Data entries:
============================================================

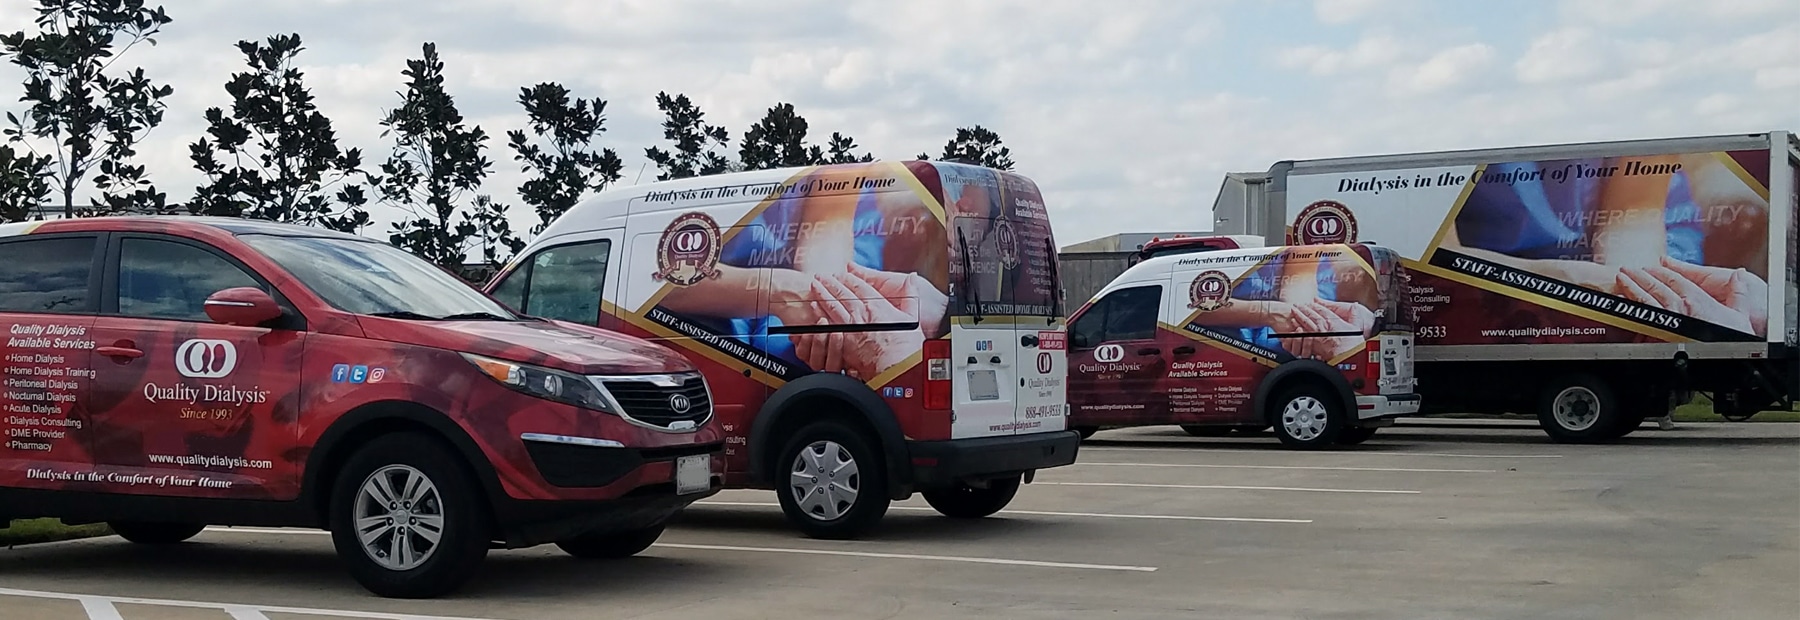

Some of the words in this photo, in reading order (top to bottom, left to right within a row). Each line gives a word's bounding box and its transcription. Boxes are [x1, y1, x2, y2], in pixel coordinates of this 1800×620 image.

[1337, 175, 1409, 195] Dialysis
[1414, 174, 1431, 188] in
[1437, 172, 1465, 187] the
[1471, 167, 1546, 187] Comfort
[1551, 164, 1573, 184] of
[1576, 163, 1618, 179] Your
[1624, 161, 1682, 176] Home
[645, 189, 698, 205] Dialysis
[700, 188, 713, 199] in
[717, 186, 738, 198] the
[742, 182, 797, 199] Comfort
[800, 179, 815, 197] of
[818, 178, 849, 192] Your
[853, 176, 895, 189] Home
[1558, 208, 1640, 228] WHERE
[751, 221, 827, 242] WHERE
[1178, 257, 1213, 266] Dialysis
[1280, 253, 1291, 261] of
[1292, 251, 1312, 259] Your
[1315, 250, 1342, 258] Home
[1452, 257, 1567, 297] STAFF-ASSISTED
[1567, 289, 1614, 310] HOME
[1614, 300, 1682, 329] DIALYSIS
[10, 323, 45, 336] Quality
[46, 324, 86, 337] Dialysis
[1481, 326, 1606, 338] www.qualitydialysis.com
[7, 337, 51, 348] Available
[53, 338, 96, 349] Services
[650, 308, 719, 345] STAFF-ASSISTED
[718, 339, 748, 358] HOME
[746, 351, 788, 376] DIALYSIS
[11, 353, 33, 363] Home
[35, 354, 65, 365] Dialysis
[1172, 362, 1195, 370] Quality
[1196, 361, 1223, 369] Dialysis
[10, 366, 32, 375] Home
[34, 366, 63, 377] Dialysis
[65, 367, 96, 379] Training
[1079, 363, 1107, 373] Quality
[1109, 362, 1141, 373] Dialysis
[1168, 370, 1197, 378] Available
[9, 378, 47, 388] Peritoneal
[48, 379, 78, 391] Dialysis
[9, 391, 45, 400] Nocturnal
[46, 392, 76, 403] Dialysis
[144, 382, 200, 406] Quality
[204, 384, 267, 407] Dialysis
[9, 403, 31, 413] Acute
[32, 404, 62, 416] Dialysis
[673, 398, 688, 409] KIA
[180, 407, 207, 419] Since
[210, 408, 233, 420] 1993
[10, 415, 40, 427] Dialysis
[41, 416, 82, 429] Consulting
[11, 428, 31, 437] DME
[33, 429, 65, 438] Provider
[12, 440, 52, 452] Pharmacy
[149, 453, 272, 470] www.qualitydialysis.com
[27, 468, 71, 483] Dialysis
[74, 470, 86, 482] in
[88, 471, 105, 482] the
[107, 472, 152, 486] Comfort
[155, 474, 168, 487] of
[169, 475, 196, 487] Your
[198, 476, 233, 489] Home
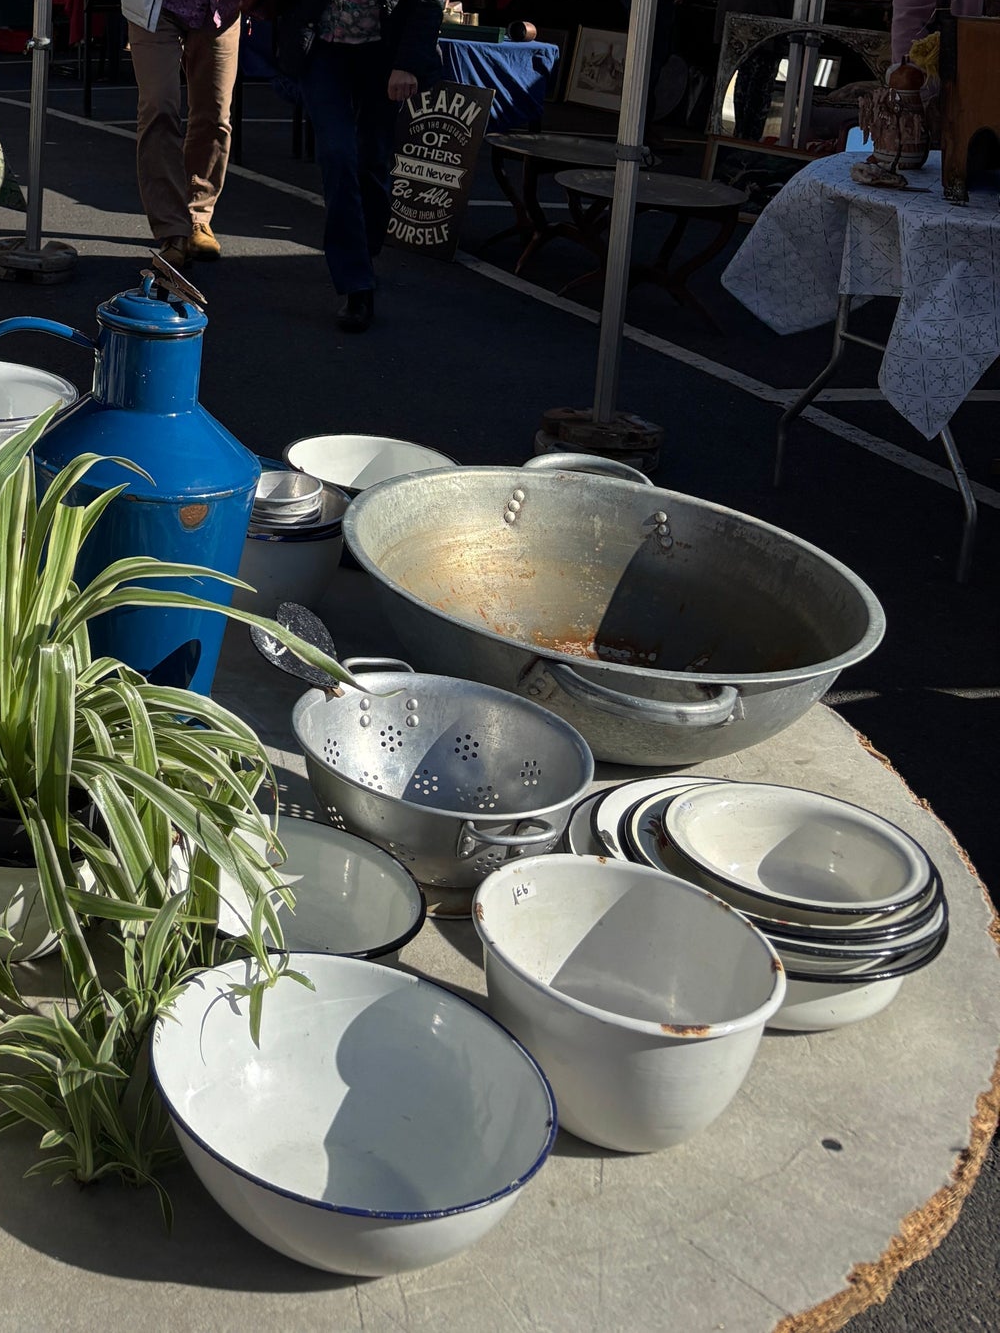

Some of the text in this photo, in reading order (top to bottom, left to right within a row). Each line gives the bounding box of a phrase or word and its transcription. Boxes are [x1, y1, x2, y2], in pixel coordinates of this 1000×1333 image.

[406, 89, 482, 127] LEARN
[422, 131, 450, 148] OF
[402, 143, 462, 165] OTHERS
[426, 167, 457, 183] Never
[392, 179, 454, 209] Be Able
[387, 218, 450, 245] OURSELF
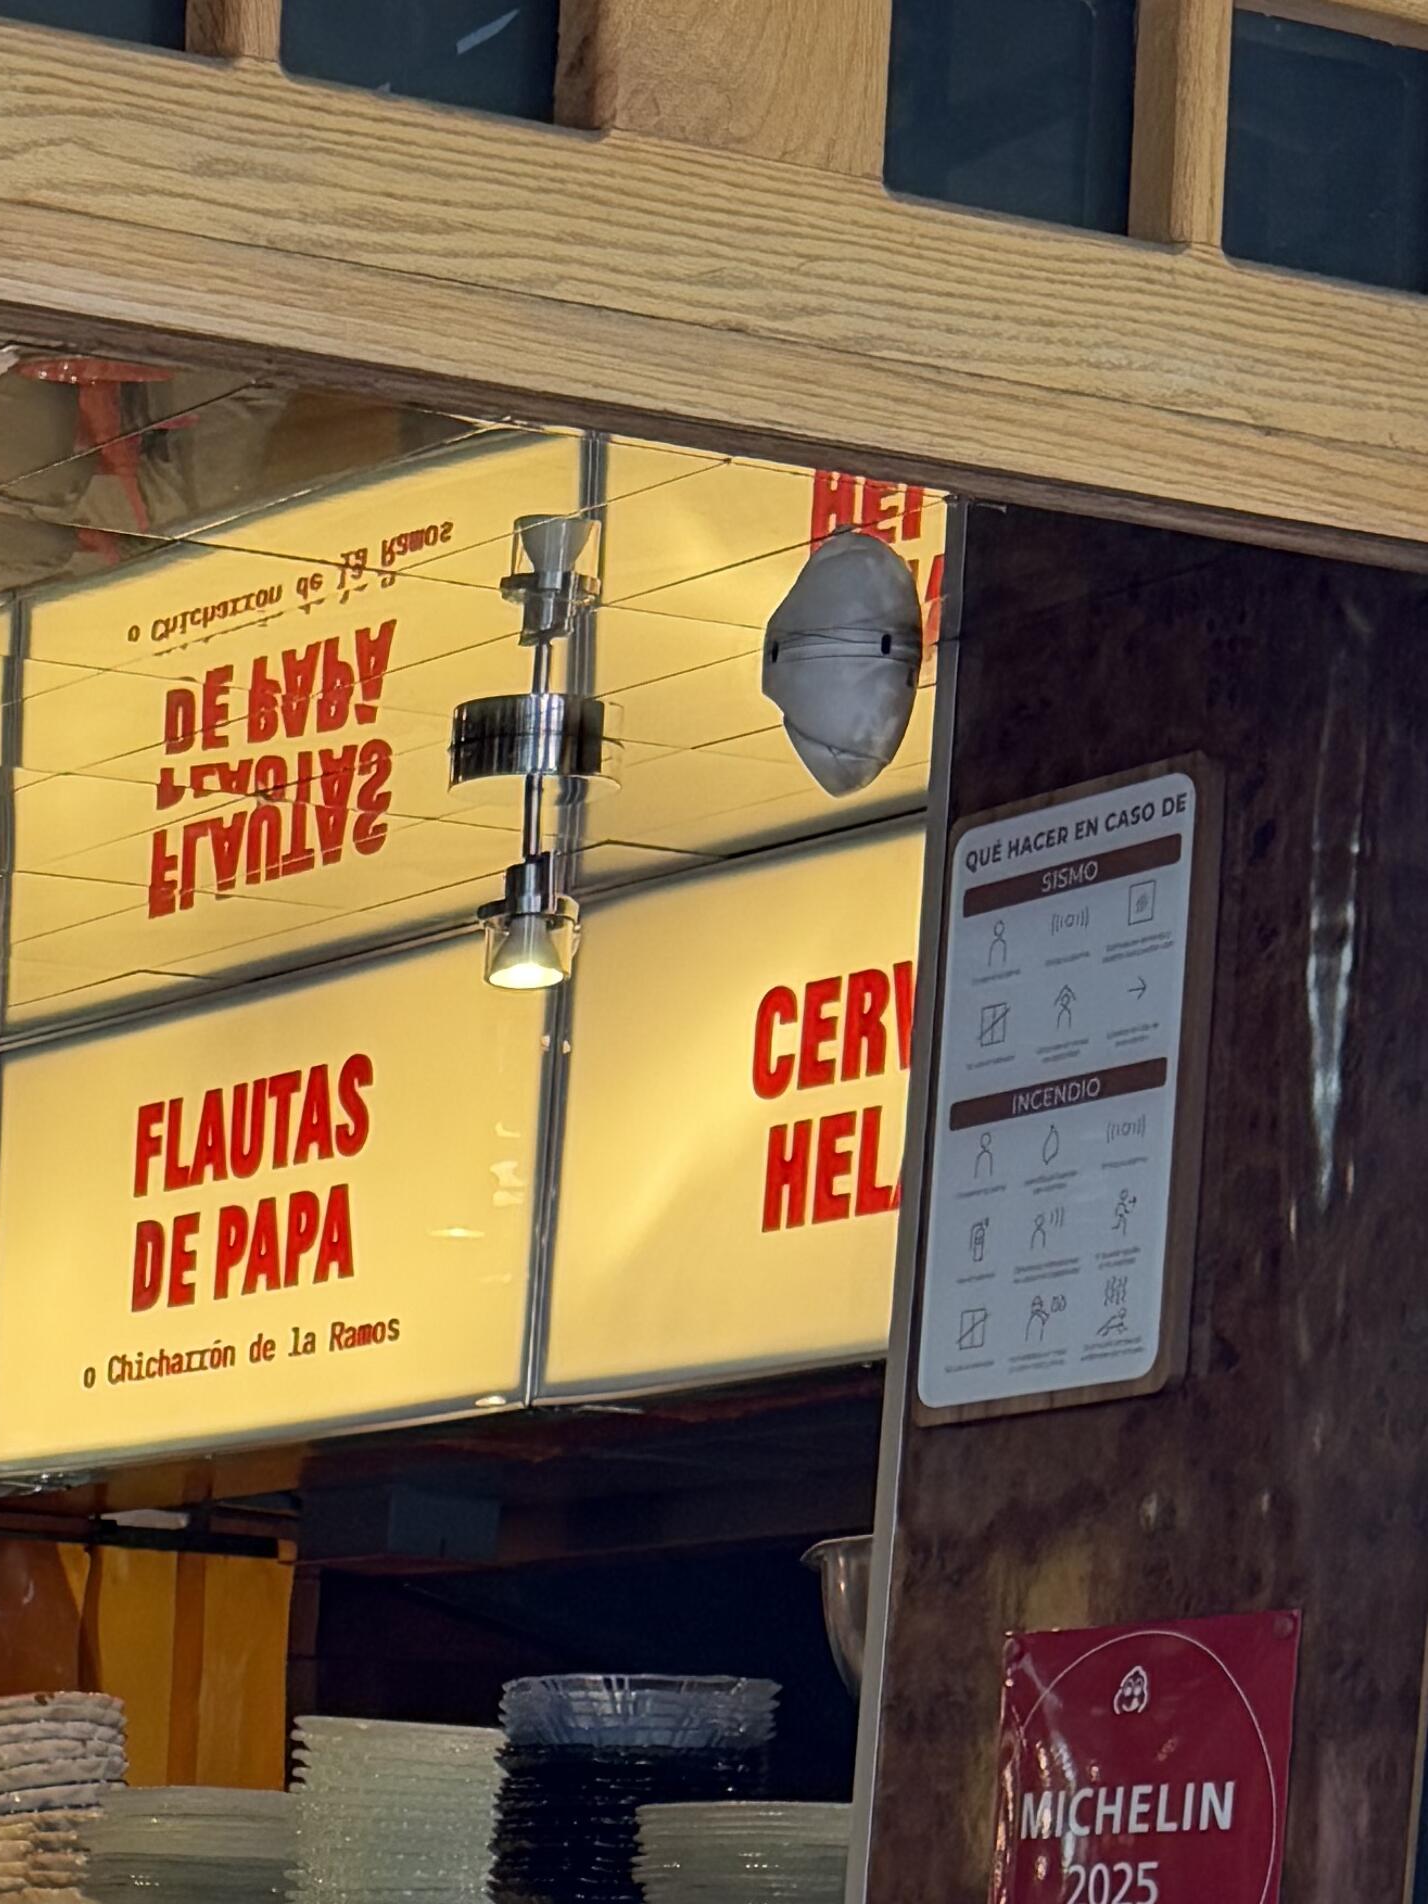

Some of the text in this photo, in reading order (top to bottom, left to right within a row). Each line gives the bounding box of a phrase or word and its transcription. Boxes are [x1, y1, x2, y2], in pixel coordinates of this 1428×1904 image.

[965, 791, 1188, 874] QUÉ HACER EN CASO DE
[1040, 860, 1100, 893] SISMO
[133, 1053, 374, 1198] FLAUTAS
[1011, 1076, 1102, 1115] INCENDIO
[131, 1182, 355, 1313] DE PAPA
[83, 1317, 401, 1389] o Chicharrón de la Ramos
[1019, 1780, 1235, 1840] MICHELIN

============================================================

• [Your instructions] Output the data exactly, pictures omitted.

• [Task solution]
Some of the words in this photo, in reading order (top to bottom, left to right within a row). Each line gives a word's bounding box and its transcription. Boxes are [x1, y1, x2, y2], in pixel coordinates of this 1800×620 image.

[1337, 175, 1409, 195] Dialysis
[1414, 174, 1431, 188] in
[1437, 172, 1465, 187] the
[1471, 167, 1546, 187] Comfort
[1551, 164, 1573, 184] of
[1576, 163, 1618, 179] Your
[1624, 161, 1682, 176] Home
[645, 189, 698, 205] Dialysis
[700, 188, 713, 199] in
[717, 186, 738, 198] the
[742, 182, 797, 199] Comfort
[800, 179, 815, 197] of
[818, 178, 849, 192] Your
[853, 176, 895, 189] Home
[1558, 208, 1640, 228] WHERE
[751, 221, 827, 242] WHERE
[1178, 257, 1213, 266] Dialysis
[1280, 253, 1291, 261] of
[1292, 251, 1312, 259] Your
[1315, 250, 1342, 258] Home
[1452, 257, 1567, 297] STAFF-ASSISTED
[1567, 289, 1614, 310] HOME
[1614, 300, 1682, 329] DIALYSIS
[10, 323, 45, 336] Quality
[46, 324, 86, 337] Dialysis
[1481, 326, 1606, 338] www.qualitydialysis.com
[7, 337, 51, 348] Available
[53, 338, 96, 349] Services
[650, 308, 719, 345] STAFF-ASSISTED
[718, 339, 748, 358] HOME
[746, 351, 788, 376] DIALYSIS
[11, 353, 33, 363] Home
[35, 354, 65, 365] Dialysis
[1172, 362, 1195, 370] Quality
[1196, 361, 1223, 369] Dialysis
[10, 366, 32, 375] Home
[34, 366, 63, 377] Dialysis
[65, 367, 96, 379] Training
[1079, 363, 1107, 373] Quality
[1109, 362, 1141, 373] Dialysis
[1168, 370, 1197, 378] Available
[9, 378, 47, 388] Peritoneal
[48, 379, 78, 391] Dialysis
[9, 391, 45, 400] Nocturnal
[46, 392, 76, 403] Dialysis
[144, 382, 200, 406] Quality
[204, 384, 267, 407] Dialysis
[9, 403, 31, 413] Acute
[32, 404, 62, 416] Dialysis
[673, 398, 688, 409] KIA
[180, 407, 207, 419] Since
[210, 408, 233, 420] 1993
[10, 415, 40, 427] Dialysis
[41, 416, 82, 429] Consulting
[11, 428, 31, 437] DME
[33, 429, 65, 438] Provider
[12, 440, 52, 452] Pharmacy
[149, 453, 272, 470] www.qualitydialysis.com
[27, 468, 71, 483] Dialysis
[74, 470, 86, 482] in
[88, 471, 105, 482] the
[107, 472, 152, 486] Comfort
[155, 474, 168, 487] of
[169, 475, 196, 487] Your
[198, 476, 233, 489] Home

Some of the text in this photo, in reading order (top to bottom, left to right within a row). Each line gives the bounding box of a phrase or word and its transcription. Boxes are [x1, y1, x2, y2], in pixel coordinates of this 1000×1333 image.

[406, 89, 482, 127] LEARN
[422, 131, 450, 148] OF
[402, 143, 462, 165] OTHERS
[426, 167, 457, 183] Never
[392, 179, 454, 209] Be Able
[387, 218, 450, 245] OURSELF

Some of the text in this photo, in reading order (top to bottom, left to right within a row). Each line gives the bounding box of a phrase or word and its transcription. Boxes are [x1, y1, x2, y2], in pixel coordinates of this 1428×1904 image.

[965, 791, 1188, 874] QUÉ HACER EN CASO DE
[1040, 860, 1100, 893] SISMO
[133, 1053, 374, 1198] FLAUTAS
[1011, 1076, 1102, 1115] INCENDIO
[131, 1182, 355, 1313] DE PAPA
[83, 1317, 401, 1389] o Chicharrón de la Ramos
[1019, 1780, 1235, 1840] MICHELIN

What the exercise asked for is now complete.